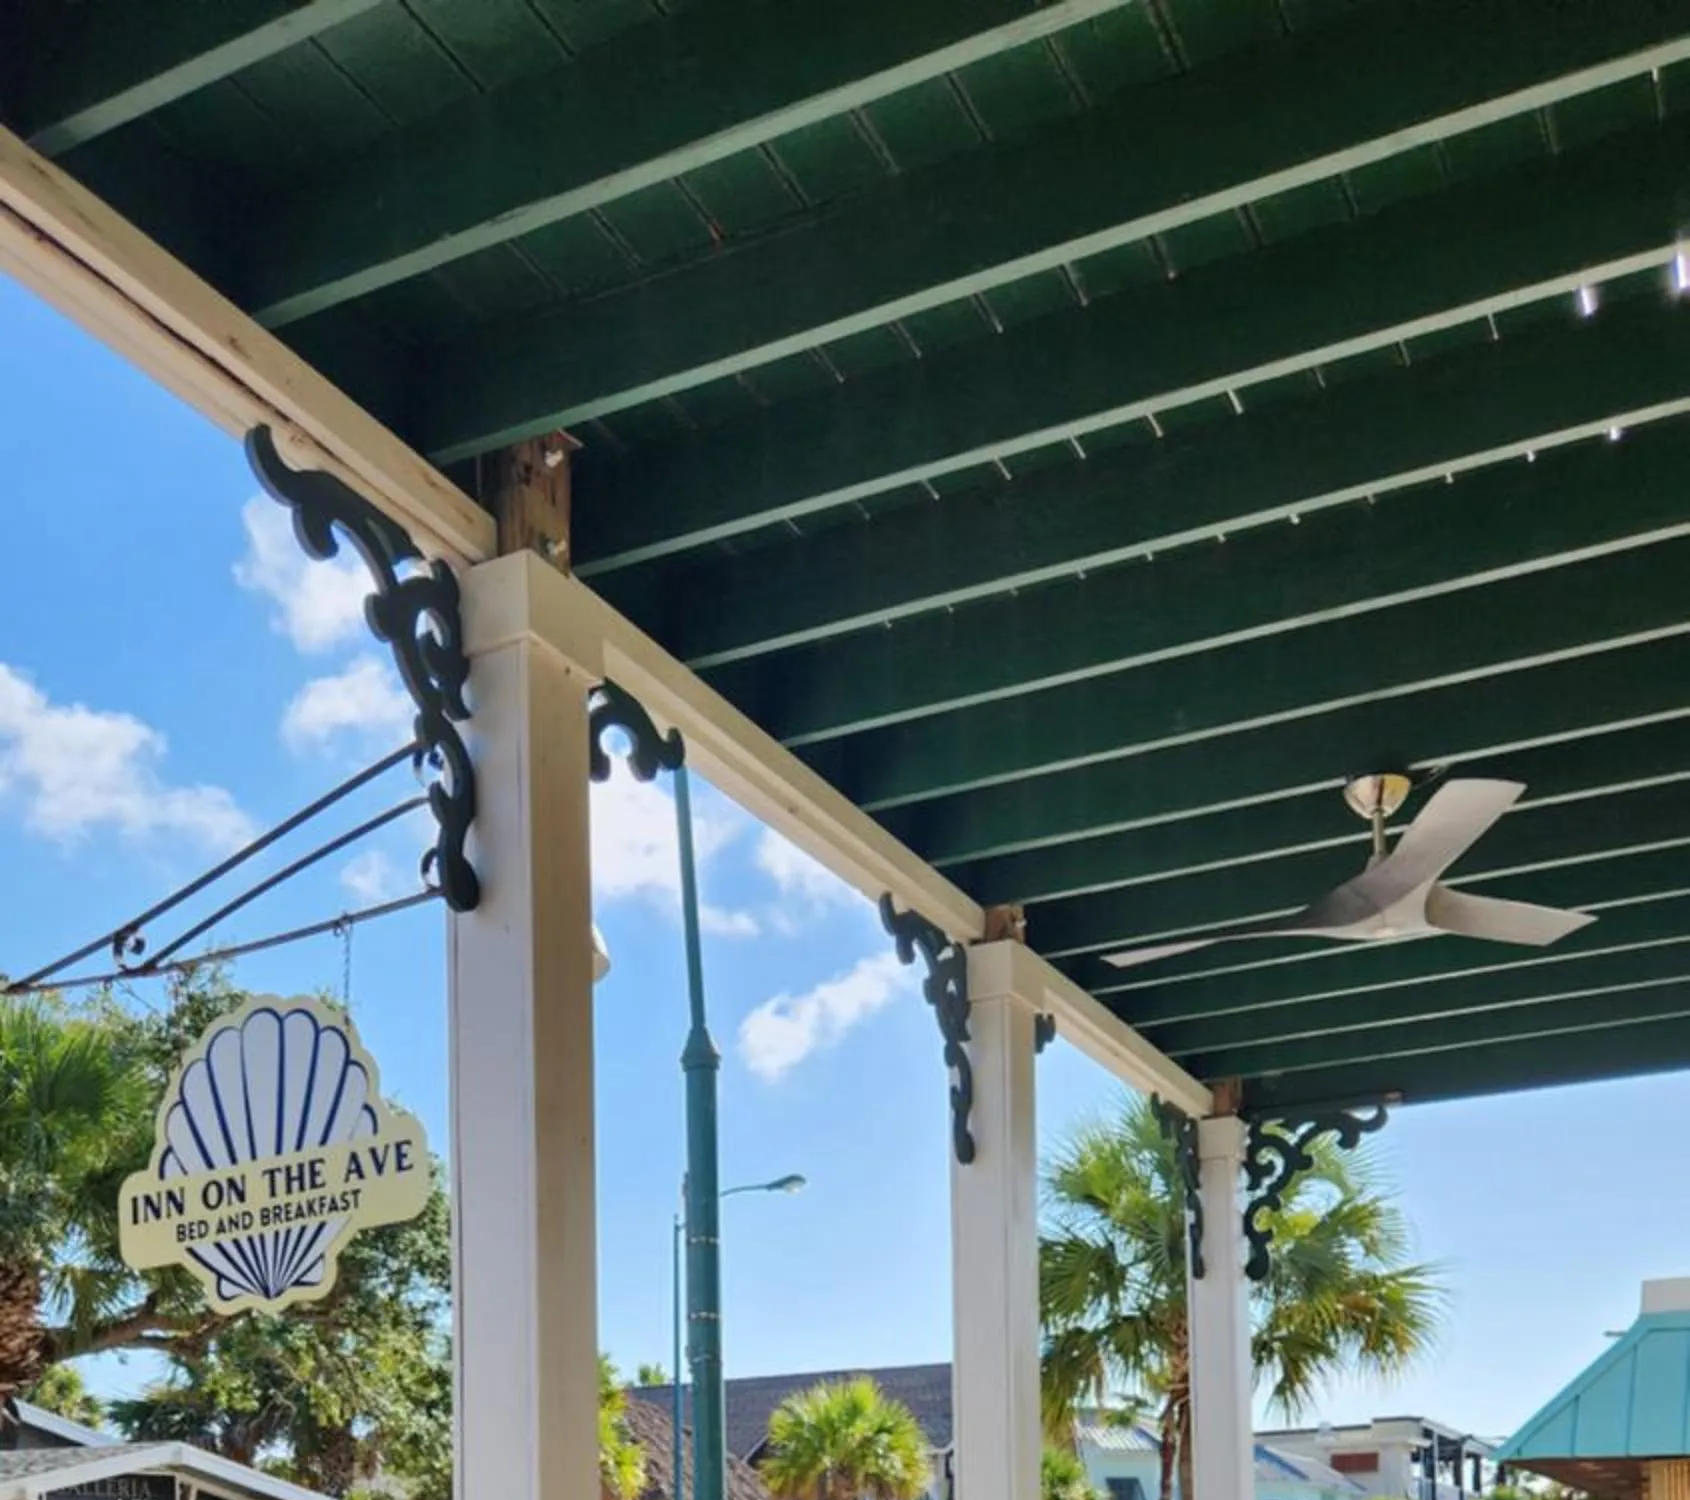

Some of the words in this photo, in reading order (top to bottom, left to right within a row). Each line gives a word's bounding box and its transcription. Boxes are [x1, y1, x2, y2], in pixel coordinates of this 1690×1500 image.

[131, 1187, 185, 1225] INN
[202, 1174, 246, 1211] ON
[262, 1158, 327, 1198] THE
[344, 1139, 414, 1183] AVE
[176, 1220, 209, 1243] BED
[215, 1211, 253, 1235] AND
[260, 1188, 362, 1227] BREAKFAST
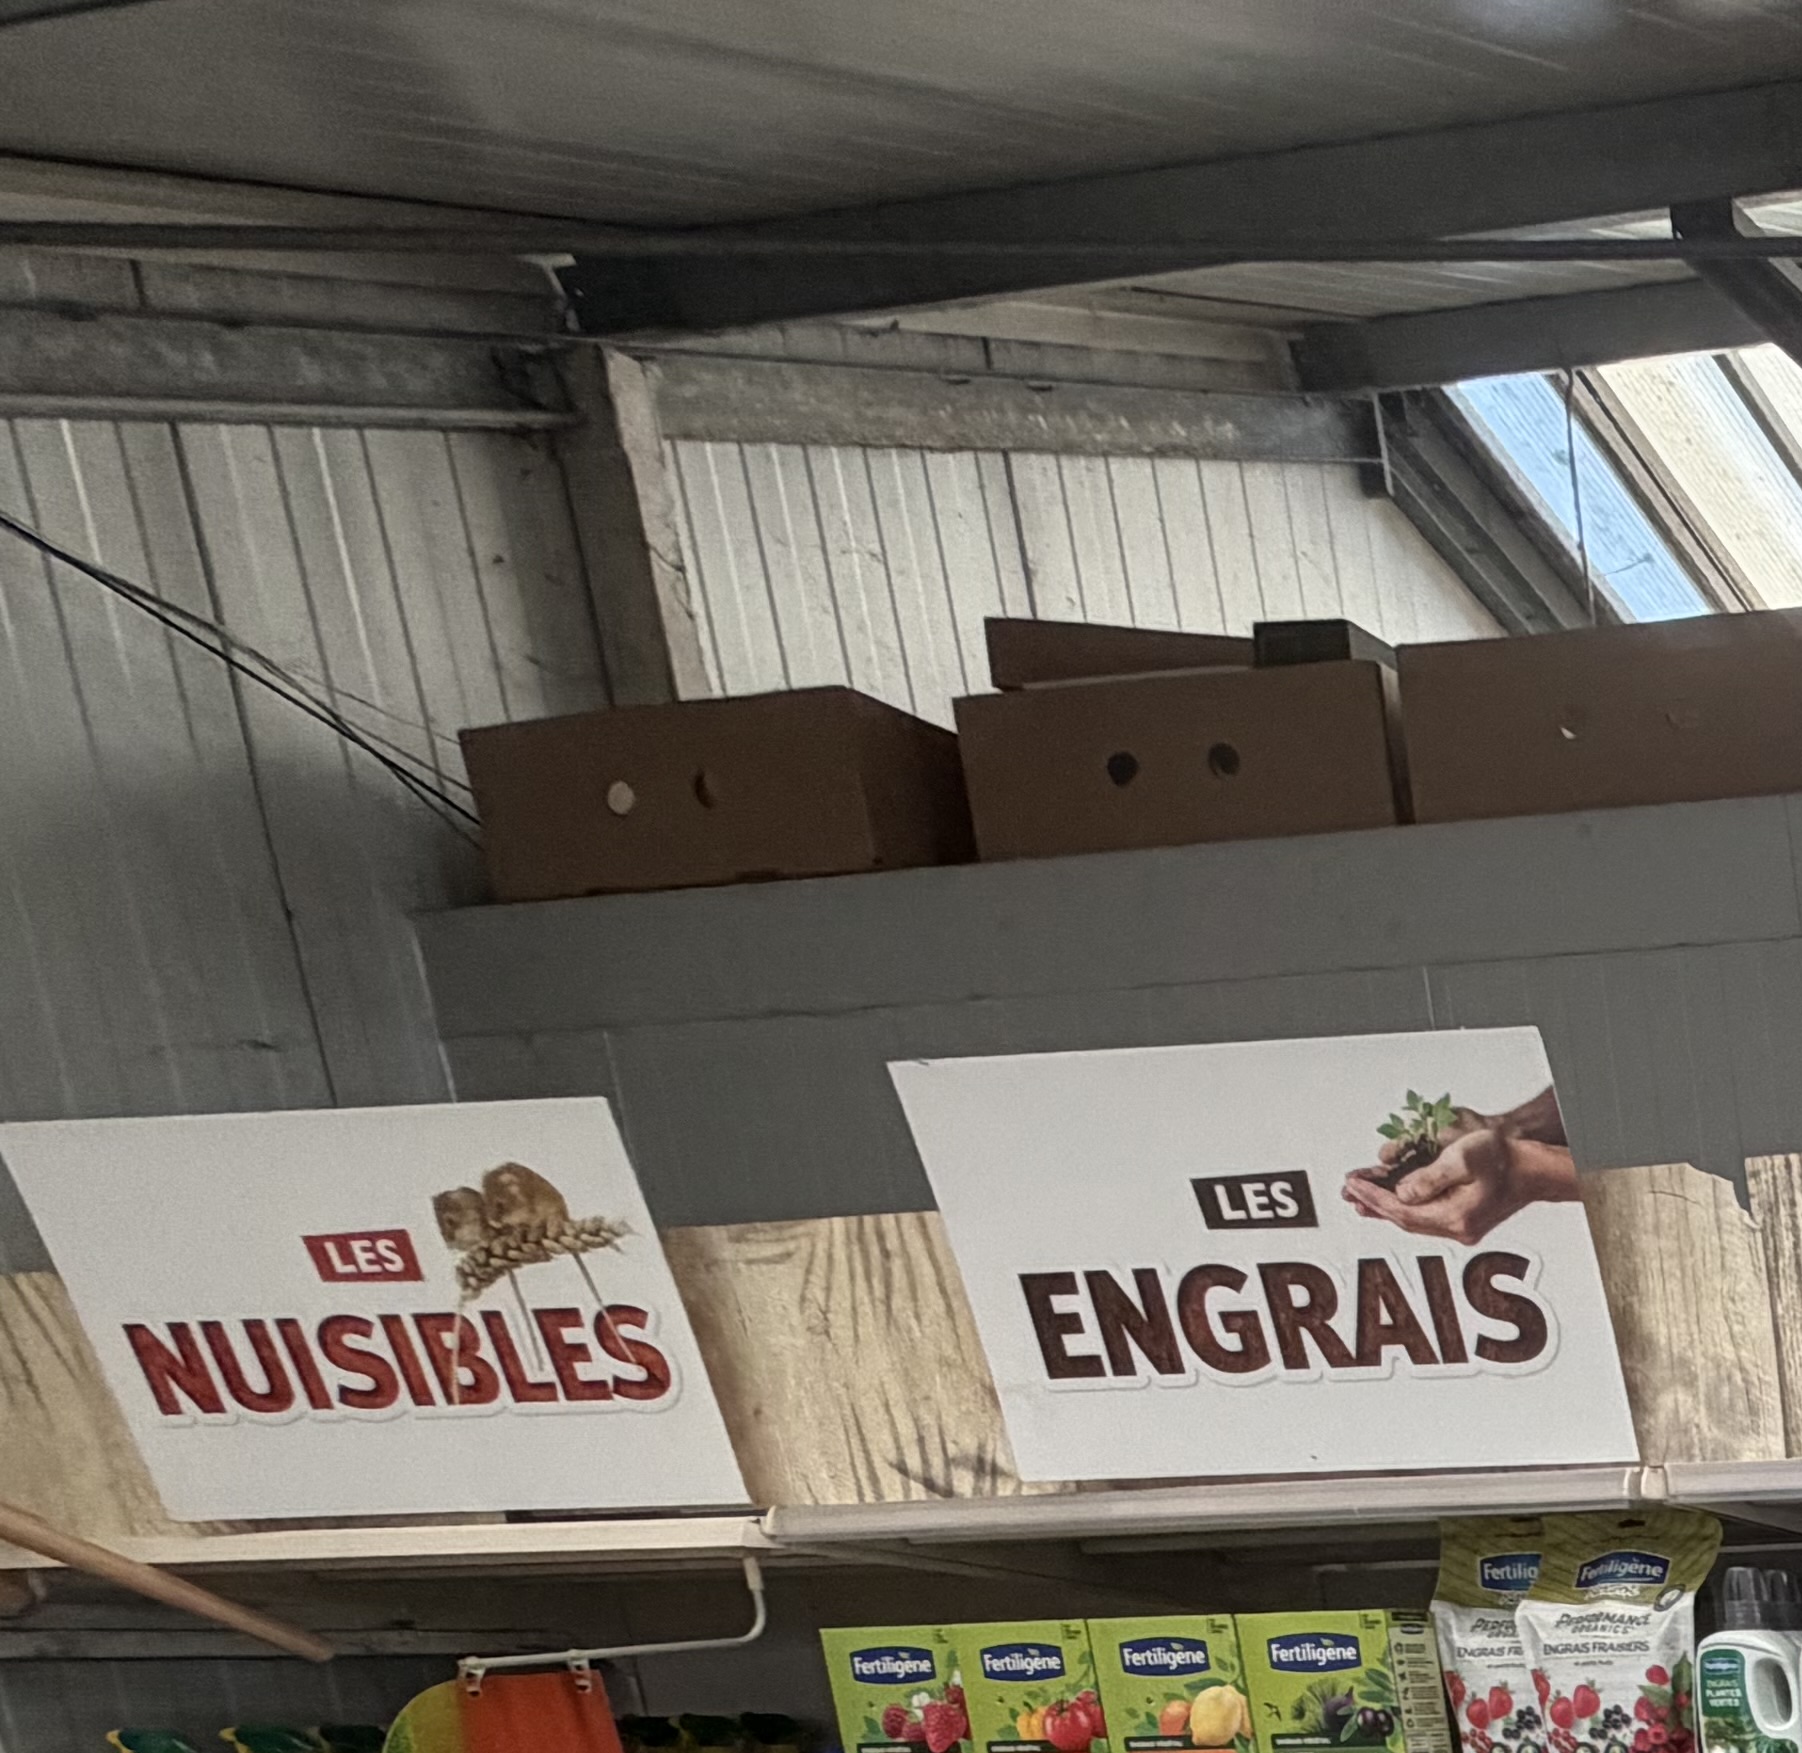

TASK STATEMENT — Give every entry again verbatim, with no pictures.

OUTPUT FOR THIS TASK —
Some of the words in this photo, in reading order (top to bottom, left to right within a row). Each line gives a word's bounding box and its transcription. Boxes are [x1, y1, x2, y2], in pixel coordinates of this 1690×1500 image.

[131, 1187, 185, 1225] INN
[202, 1174, 246, 1211] ON
[262, 1158, 327, 1198] THE
[344, 1139, 414, 1183] AVE
[176, 1220, 209, 1243] BED
[215, 1211, 253, 1235] AND
[260, 1188, 362, 1227] BREAKFAST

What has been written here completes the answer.